Thraxton and Algernon pointed their pistols this way and that. They knew immediately who the voice belonged to and now he stepped forward from behind the glare, a surprisingly short, fat, bestial man: Mordecai Fowler. Both men trained their pistols on him, but he showed no concern, taking another step forward.
“Thought I’d have a little party for you, so I rounded up all the lads.”
“You know what I’ve come for,” Thraxton said.
“Yeah,” Fowler hissed, the simian face smirking. “Your little dolly-mop. Tells me you’re a lord and how you’re gonna come and get her. That you ain’t feared of nuthin’. She don’t half moan when you’re giving her the old in-and-out,” Fowler preened, thrusting his hips obscenely. “Especially wiv this.” He drew out Mister Pierce and showed it to Thraxton. The polished tip shone silver in the lantern glare.
Thraxton’s jaw clenched. A horrible sickness roiled in the pit of his stomach. “If you have so much as touched her, Fowler…” Thraxton said in a trembling voice.
“That’s Mistah Fowler, Esquire, to you, Your Lordship. You is a lord, isn’t ya? Well, Lord Toff, you’re on my patch now. And here I’m more than a lord — I’m the king. I decide who lives… and who don’t live.”
“We have money,” Algernon said. “We are willing to pay—”
“Had money,” Fowler corrected. He drew one of the sacks of sovereigns from his coat and shook it before their eyes. “Mine now.” Fowler nodded and one of his men stepped forward from behind the Bullseye lantern beams, dragging something which he dumped at Fowler’s feet.
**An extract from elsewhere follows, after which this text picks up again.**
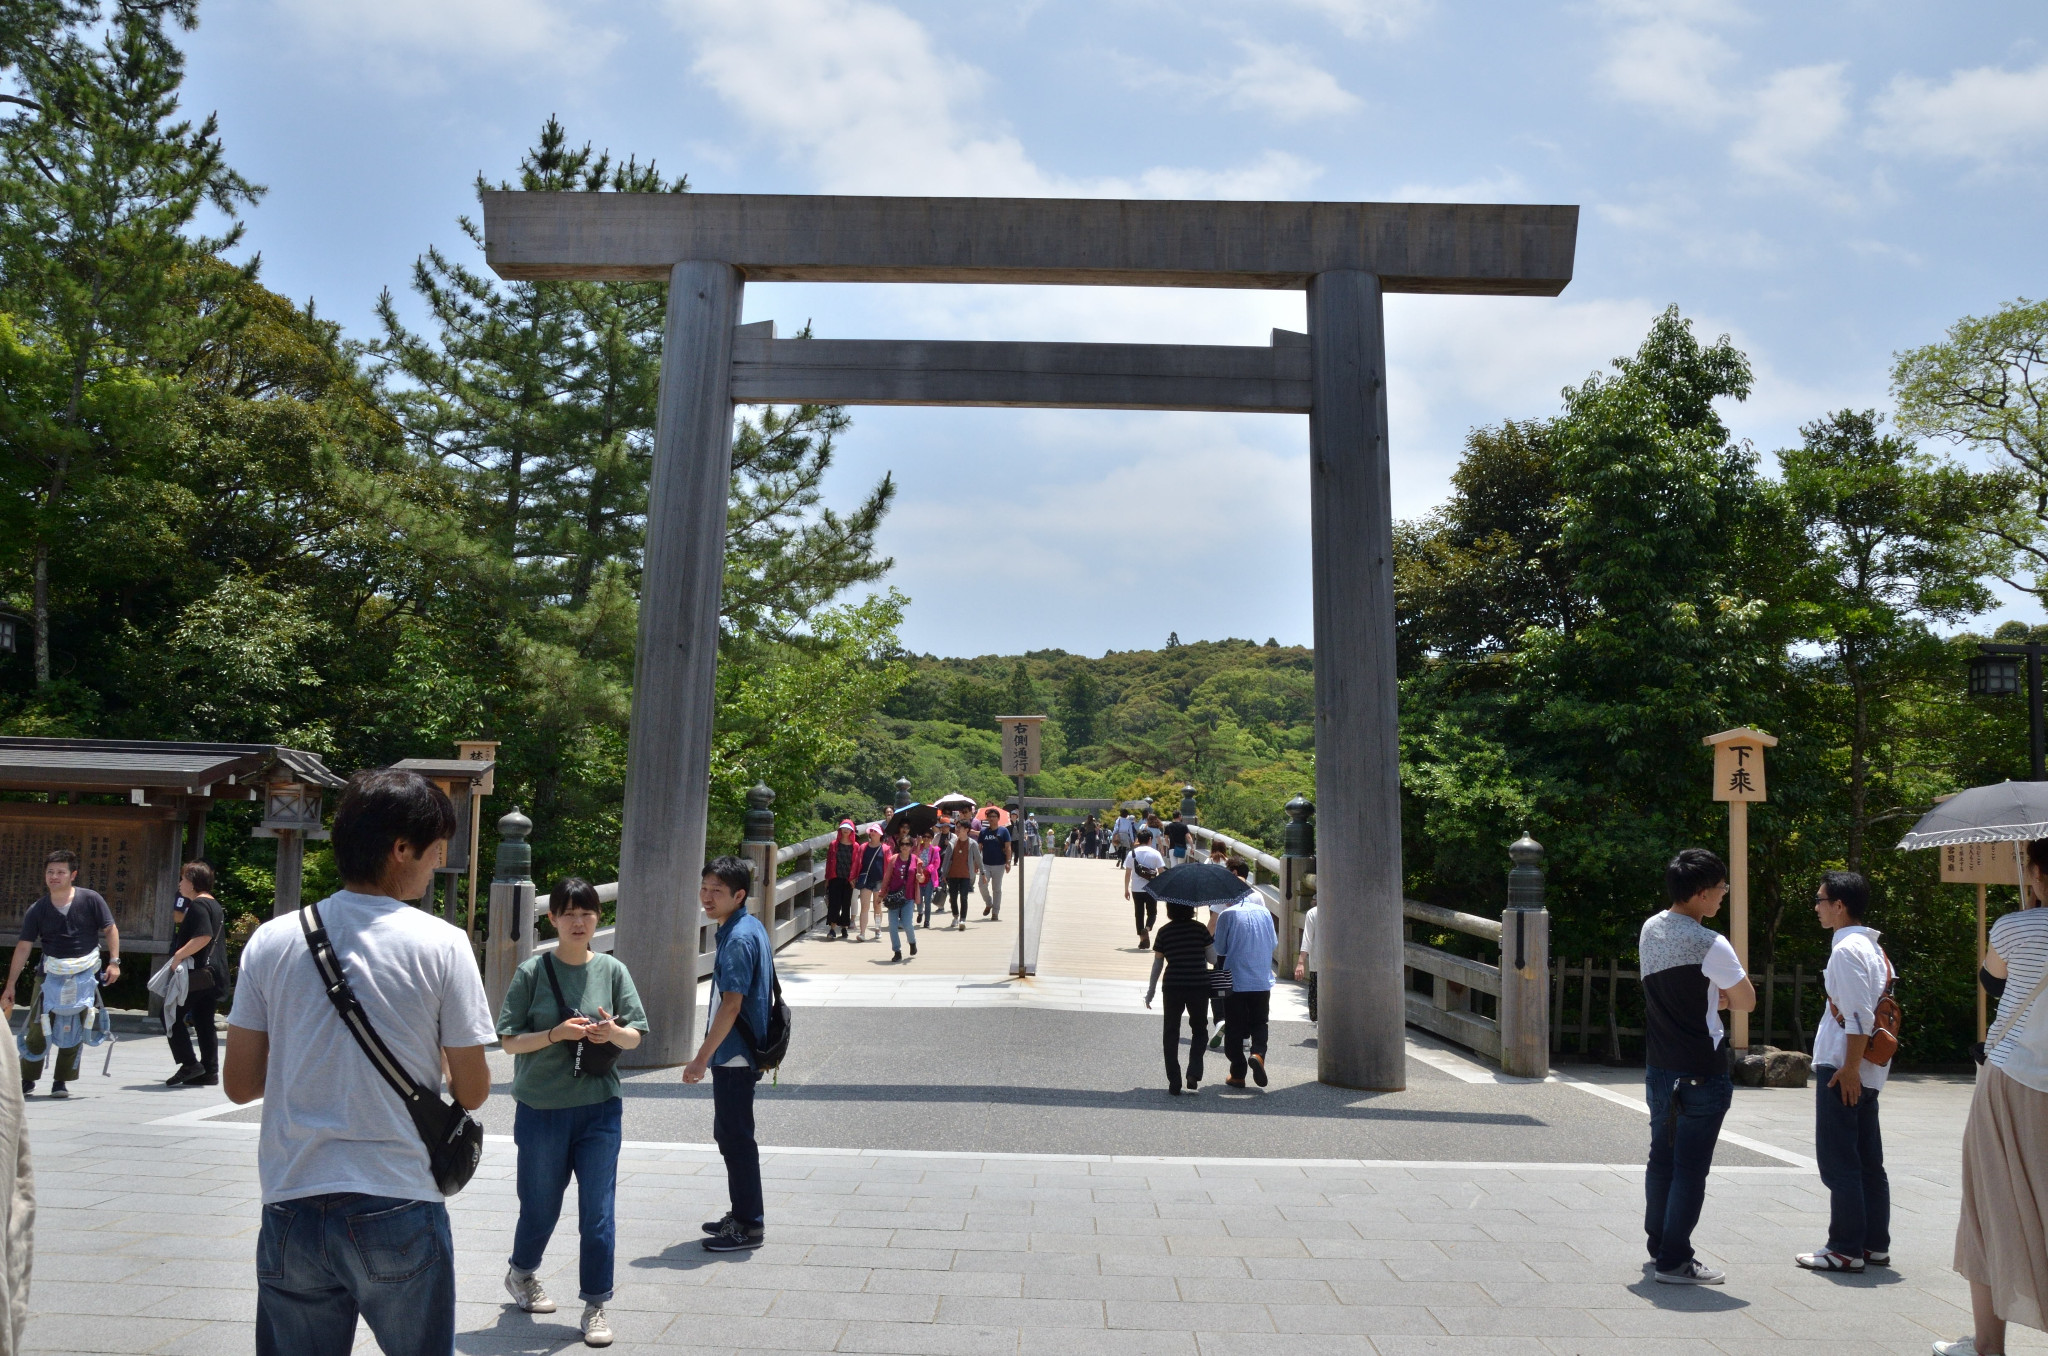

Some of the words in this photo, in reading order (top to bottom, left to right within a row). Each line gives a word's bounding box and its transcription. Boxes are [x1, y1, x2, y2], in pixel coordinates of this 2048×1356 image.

A body. Fowler rolled it over with a kick. Titch’s dead face stared up at the ceiling. “Poor little Titch. He tried to steal from me. He won’t do that no more, will he?”
Fowler nodded to one of his men. “Get rid of him, before he starts to stink up the place.”
The darkness resounded with the twin thwacks of deadbolts being shot and then two wooden doors swung open onto the night, spilling in a swirl of smoky air. Beyond the doors, a short loading balcony jutted out onto a precipitous drop. Dangling above, the jib of a crane used to winch goods up to this third-floor room from the ground below. In the hazy distance glimmered the gas lights of London.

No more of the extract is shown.